**What this task involves:** From the first line to the last, write out the records exactly, leaving the pictures behind.

Free-text object descriptions:
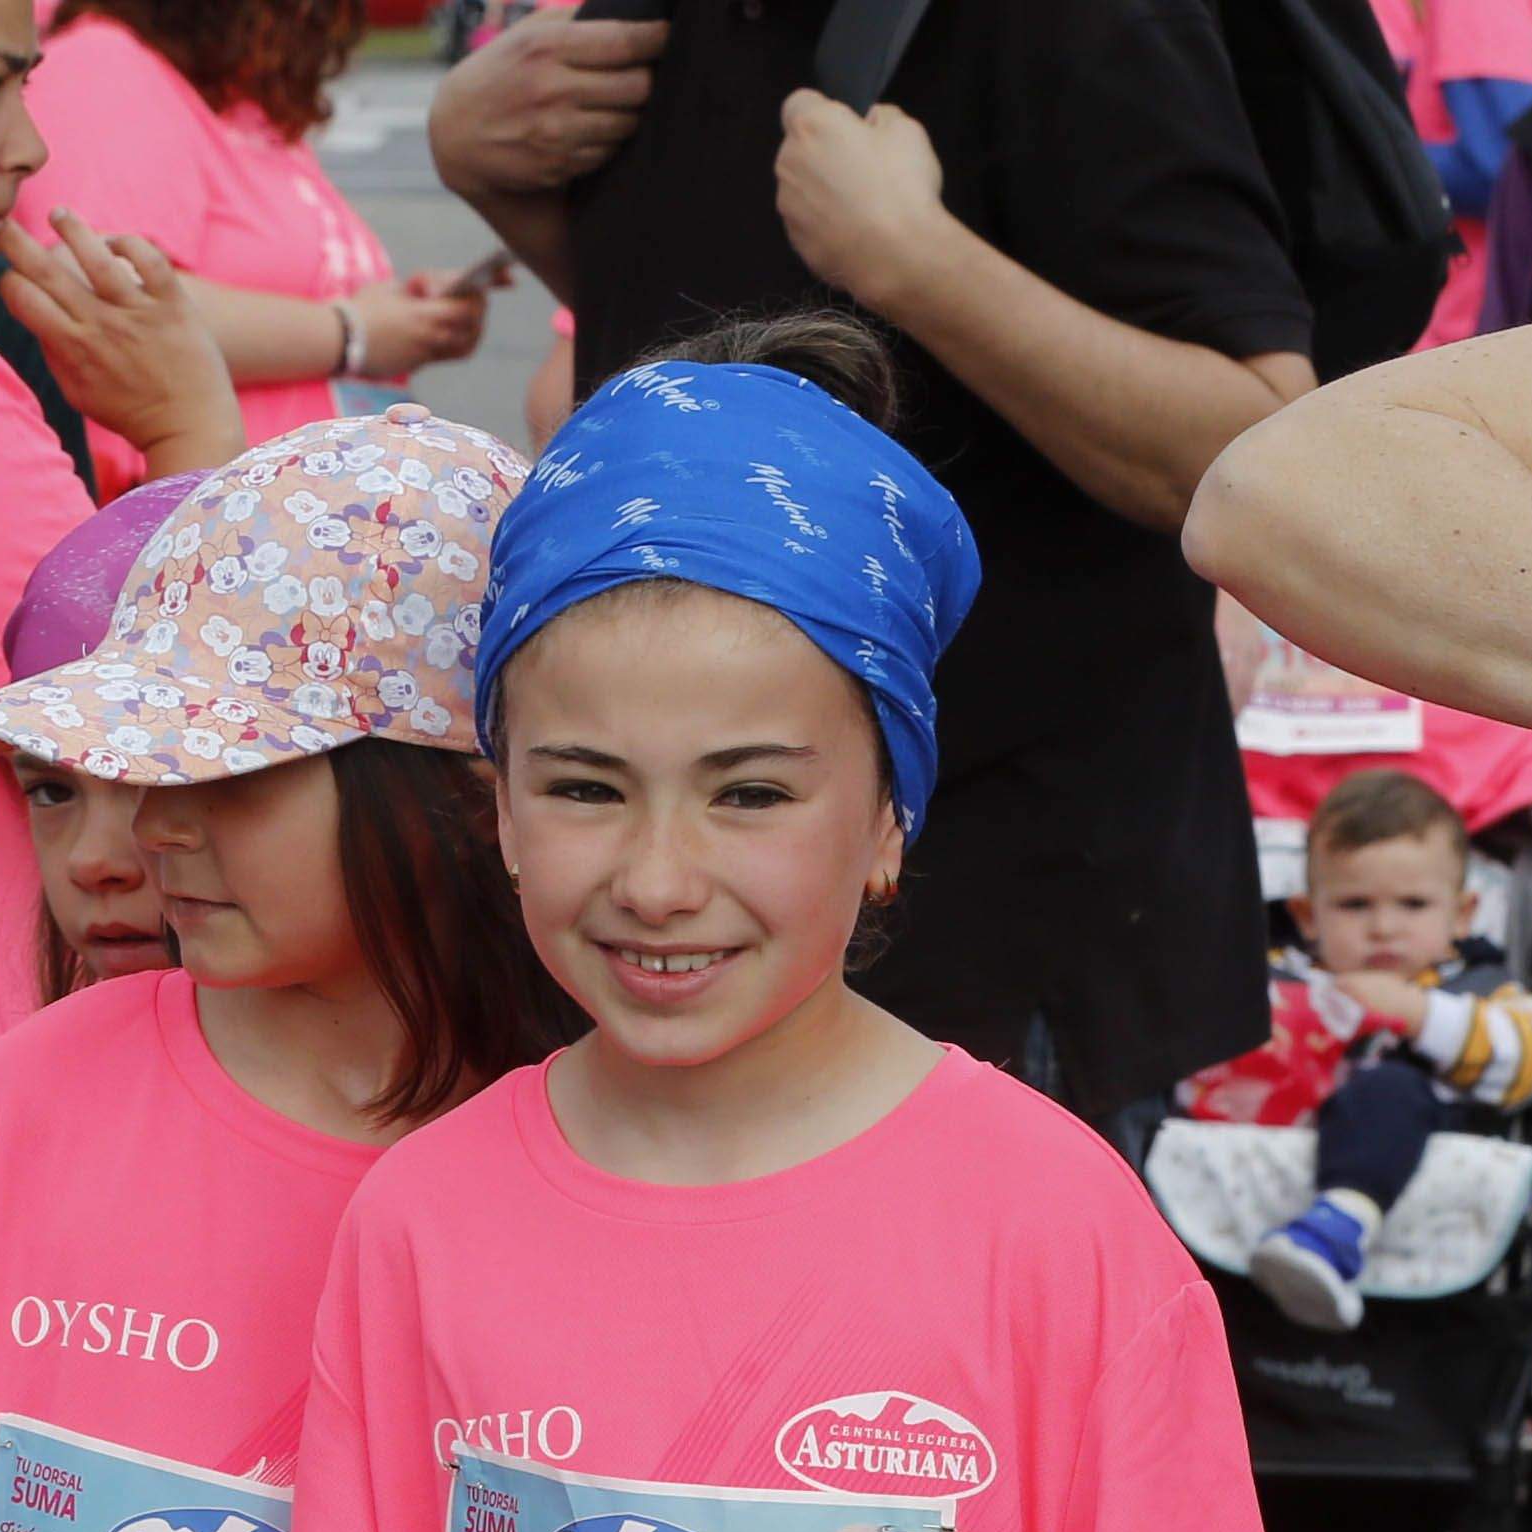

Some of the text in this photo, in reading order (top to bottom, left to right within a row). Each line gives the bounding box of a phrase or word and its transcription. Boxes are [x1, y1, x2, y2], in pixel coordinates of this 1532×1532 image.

[11, 1296, 218, 1371] OYSHO
[792, 1424, 980, 1484] ASTURIANA
[830, 1424, 976, 1450] CENTRAL LECHERA
[15, 1456, 83, 1492] TU DORSAL
[11, 1477, 75, 1521] SUMA
[482, 1490, 519, 1514] DORSAL
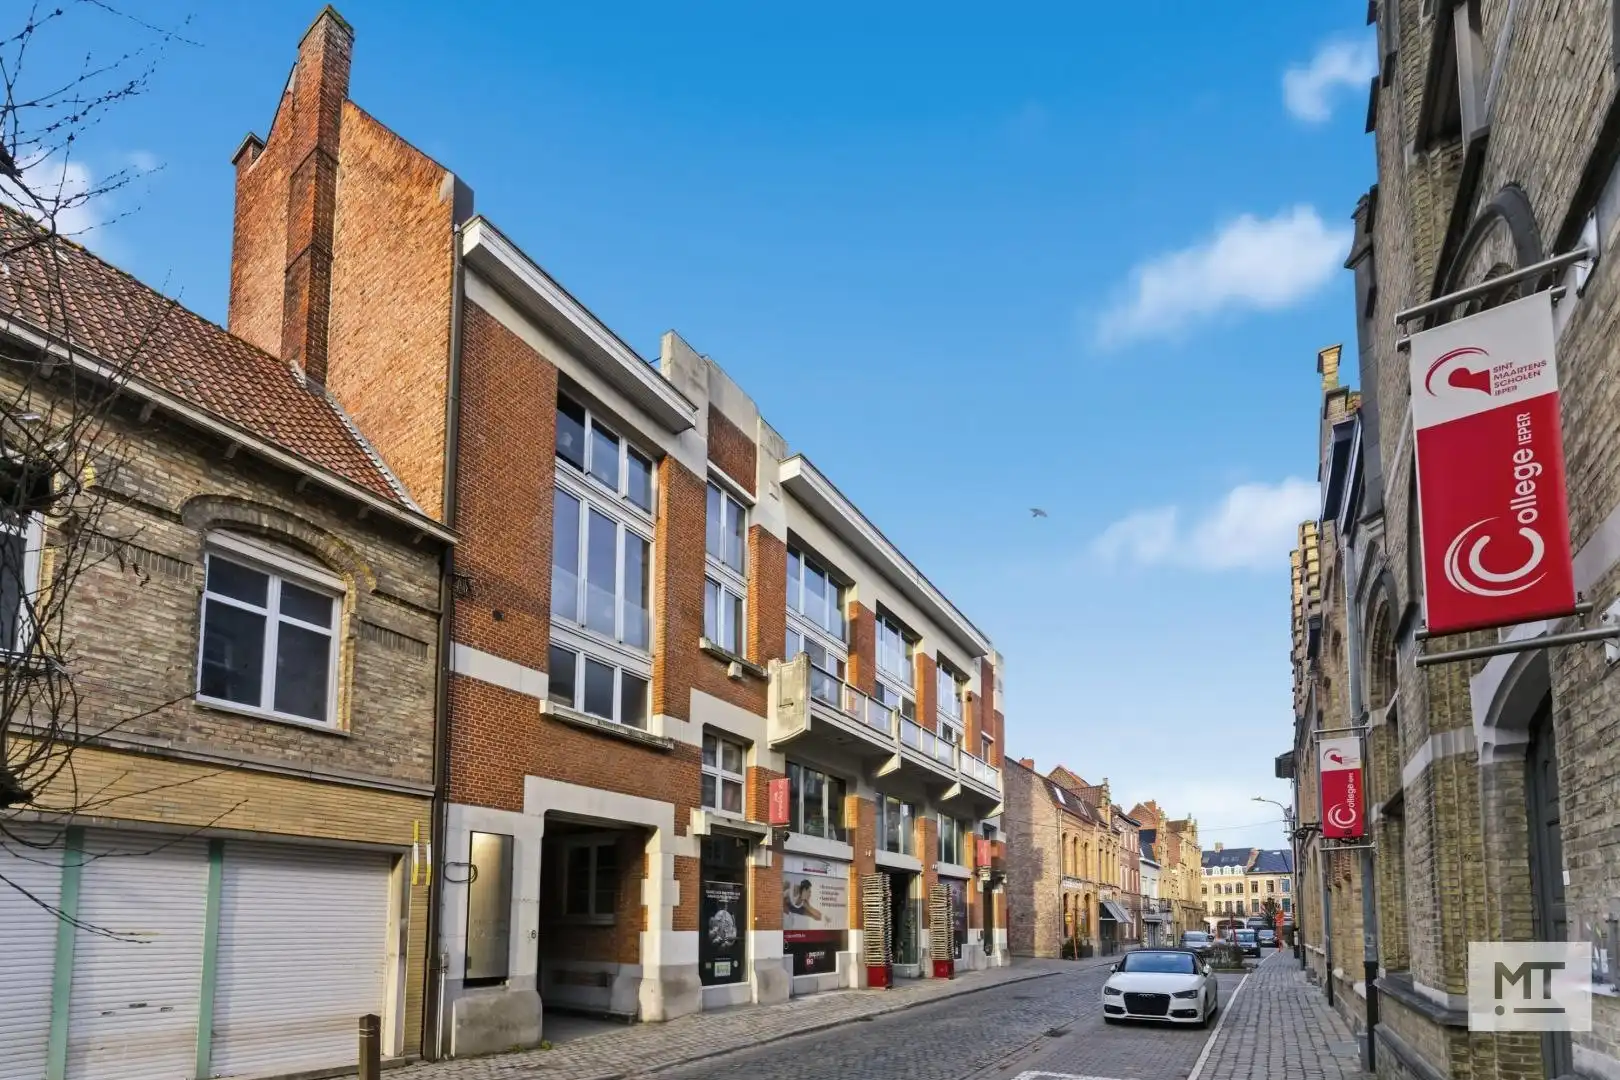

**Task output:**
Some of the text in this photo, in reading order (top to bottom, left to right within a row). Each line gives the bounding box of a phrase or word and its transcription. Boxes are [x1, y1, x2, y2], in pixel coordinates of this 1532×1532 image.

[11, 1296, 218, 1371] OYSHO
[792, 1424, 980, 1484] ASTURIANA
[830, 1424, 976, 1450] CENTRAL LECHERA
[15, 1456, 83, 1492] TU DORSAL
[11, 1477, 75, 1521] SUMA
[482, 1490, 519, 1514] DORSAL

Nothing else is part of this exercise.